9.30am
LONDON - The man at the centre of the Hutton inquiry, BBC reporter Andrew Gilligan, has resigned after his story that the government "sexed up" the risk of Iraq's weapons was criticised as unfounded.
The BBC and Gilligan were roundly chastised by the inquiry into the suicide of government weapons expert David Kelly last July, who was unmasked as the source of Gilligan's radio report.
Gilligan said in a statement: "I am today resigning from the BBC. I and everyone else involved here have for five months admitted the mistakes we made. We deserved criticism.
"Some of my story was wrong, as I admitted at the inquiry, and I again apologise for it. My departure is at my own initiative. But the BBC collectively has been the victim of a grave injustice."
His is the third resignation from the BBC over the inquiry, which lambasted BBC management procedures as "defective". Director General Greg Dyke resigned on Thursday and chairman of the board of governors Gavyn Davies stepped down just hours after Lord Hutton's report on Wednesday.
But Gilligan went down fighting, saying in a statement: "If Lord Hutton had fairly considered the evidence he heard, he would have concluded that most of my story was right. The government did sex up the dossier, transforming possibilities and probabilities into certainties, removing vital caveats."
Prime Minister Tony Blair's Downing Street office said it had no comment on his resignation.
LOGGERHEADS
Blair's foes, many commentators and large parts of the public were bewildered at the wholesale bill of health Hutton handed the government compared with his censure of the BBC.
The government and the BBC had been at loggerheads over Gilligan's report since it was aired last year. The organisation apologised unreservedly on Thursday and Blair declared an end to the feud.

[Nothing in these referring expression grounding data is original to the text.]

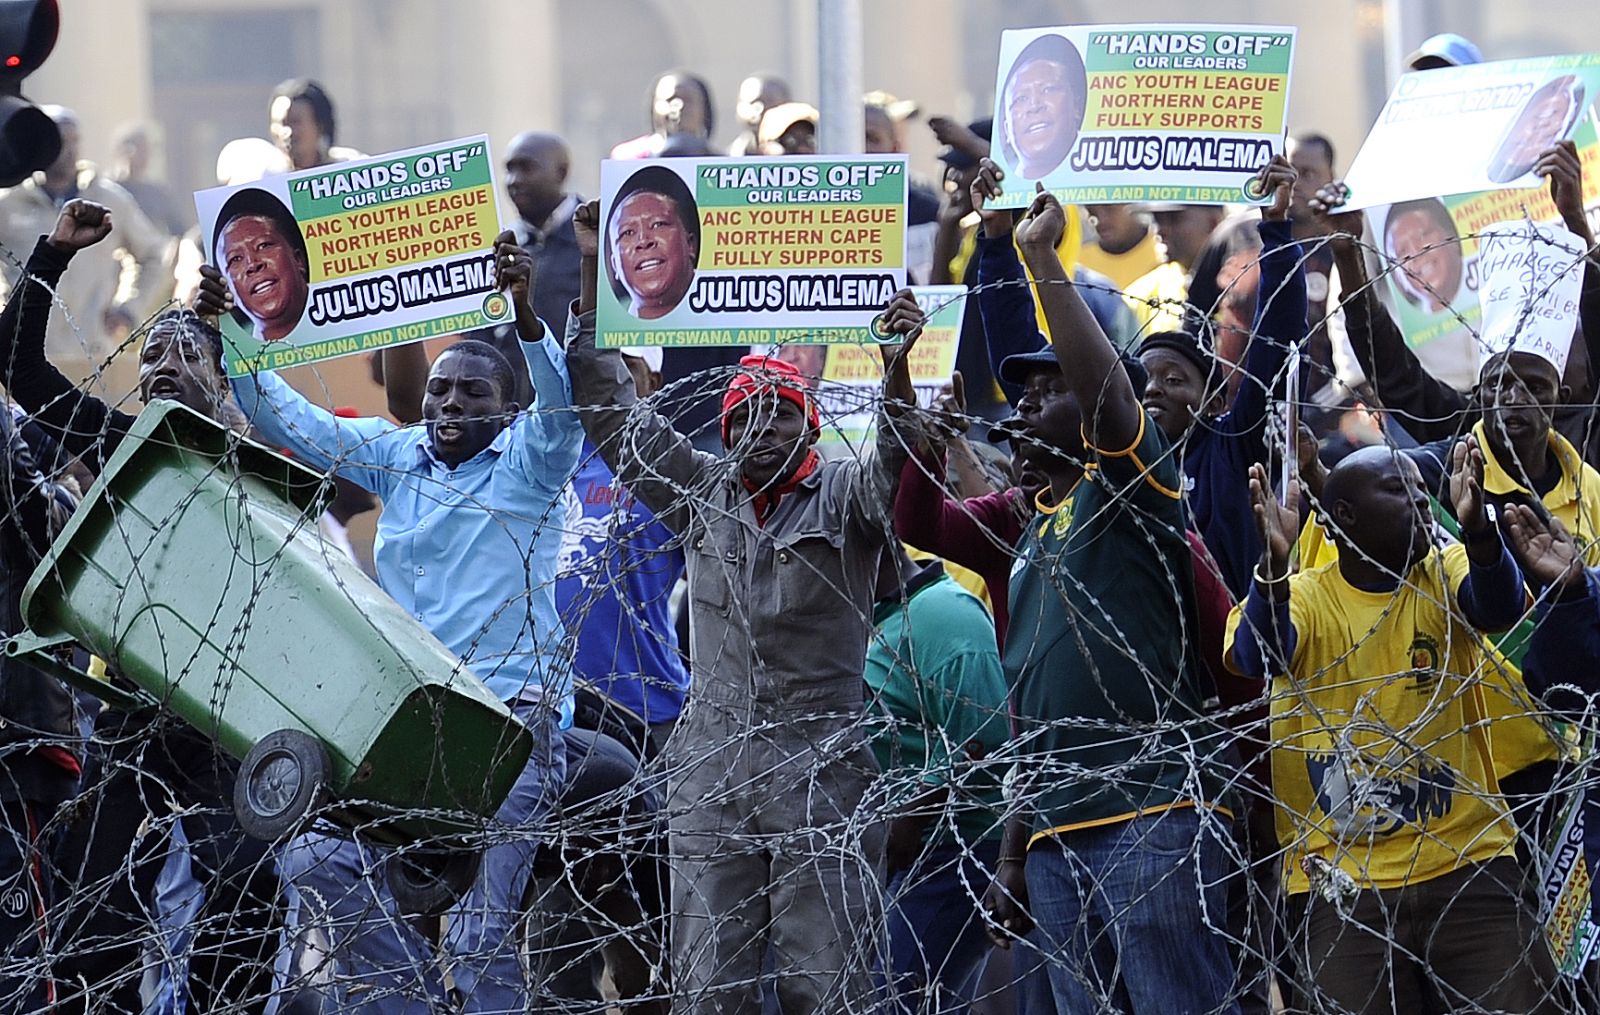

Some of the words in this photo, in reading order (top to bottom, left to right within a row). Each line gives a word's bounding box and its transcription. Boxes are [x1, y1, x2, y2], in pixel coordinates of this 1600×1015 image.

[1133, 55, 1170, 69] OUR
[1173, 57, 1248, 70] LEADERS
[1089, 75, 1128, 89] ANC
[1134, 75, 1198, 90] YOUTH
[1203, 76, 1281, 92] LEAGUE
[1100, 93, 1206, 109] NORTHERN
[1211, 94, 1264, 110] CAPE
[1096, 112, 1154, 127] FULLY
[1159, 113, 1264, 130] SUPPORTS
[1071, 139, 1161, 170] JULIUS
[1164, 141, 1272, 172] MALEMA
[342, 191, 378, 210] OUR
[381, 177, 453, 202] LEADERS
[746, 190, 783, 204] OUR
[786, 189, 863, 203] LEADERS
[1027, 187, 1108, 204] BSWANA
[1111, 187, 1144, 201] AND
[1148, 187, 1182, 201] NOT
[1187, 186, 1240, 202] LIBYA?
[304, 218, 343, 240] ANC
[346, 206, 410, 232] YOUTH
[415, 189, 489, 218] LEAGUE
[702, 211, 742, 226] ANC
[748, 209, 814, 225] YOUTH
[819, 208, 897, 224] LEAGUE
[1455, 201, 1484, 221] ANC
[320, 225, 425, 257] NORTHERN
[428, 211, 479, 235] CAPE
[716, 229, 824, 246] NORTHERN
[830, 228, 882, 244] CAPE
[322, 254, 379, 277] FULLY
[385, 231, 484, 265] SUPPORTS
[713, 250, 773, 266] FULLY
[778, 248, 884, 266] SUPPORTS
[308, 280, 397, 323] JULIUS
[690, 278, 783, 311] JULIUS
[787, 277, 899, 308] MALEMA
[233, 354, 270, 374] WHY
[273, 336, 360, 365] BOTSWANA
[360, 331, 394, 349] AND
[396, 324, 429, 341] NOT
[431, 312, 482, 334] LIBYA?
[603, 331, 640, 346] WHY
[643, 330, 733, 346] BOTSWANA
[736, 329, 771, 345] AND
[774, 328, 809, 344] NOT
[811, 327, 869, 343] LIBYA?

Earlier on Friday, Dyke said he did not accept much of Hutton's report and that he could have stayed if the BBC's board of governors had backed him.

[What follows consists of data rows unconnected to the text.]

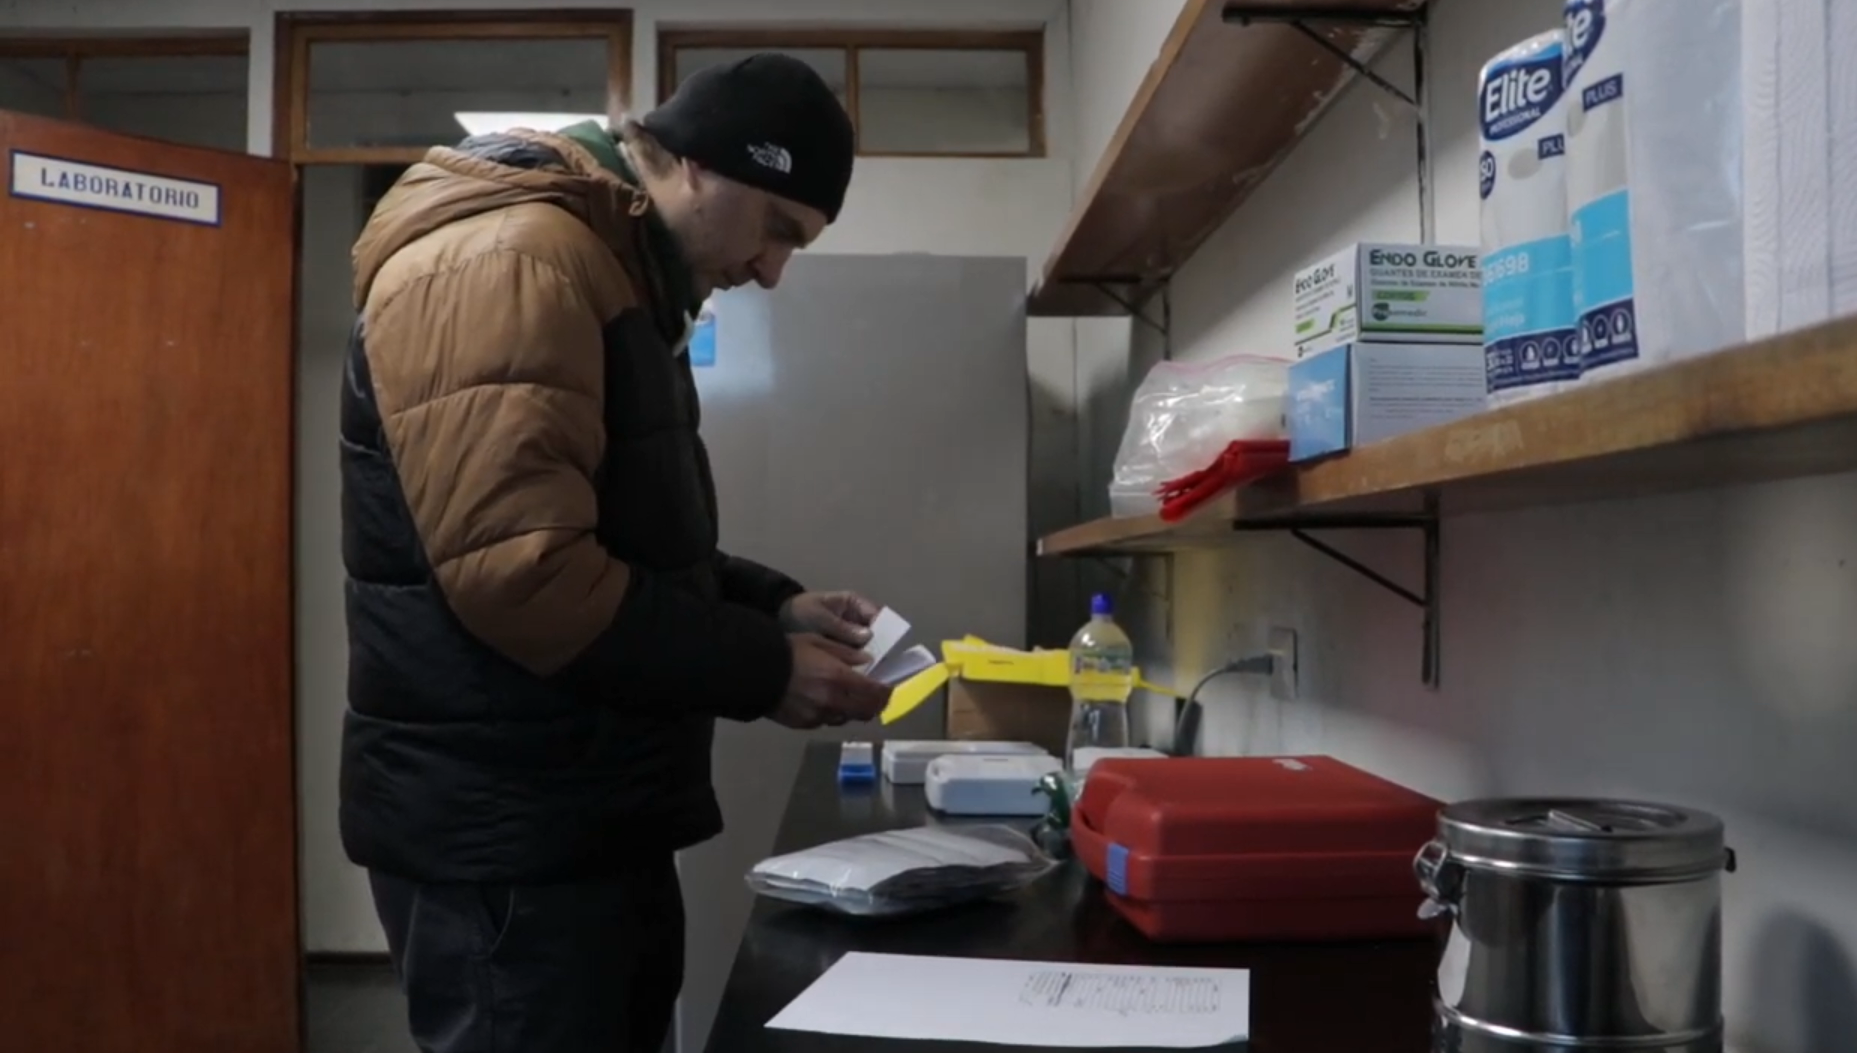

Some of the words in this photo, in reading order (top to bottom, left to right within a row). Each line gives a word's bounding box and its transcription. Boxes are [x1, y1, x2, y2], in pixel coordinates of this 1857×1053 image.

[1486, 68, 1551, 122] Elite
[1585, 79, 1618, 106] PLUS
[1543, 137, 1564, 157] PLU
[40, 167, 199, 209] LABORATORIO
[1370, 249, 1417, 267] ENDO
[1423, 250, 1477, 269] GLOVE

"I don't accept all of it," Dyke told BBC radio. "I, others at the BBC, certainly our legal team, were all very surprised by the nature of the report."
Opinion polls in three newspapers on Friday and accusations of a whitewash suggested there may yet be a political price to pay for Blair.
An ICM poll in the Guardian showed Blair's trust rating down two points at minus 17, and support for the invasion of Iraq to counter the threat of still-undiscovered chemical and biological weapons had fallen six points in a week to 47 per cent.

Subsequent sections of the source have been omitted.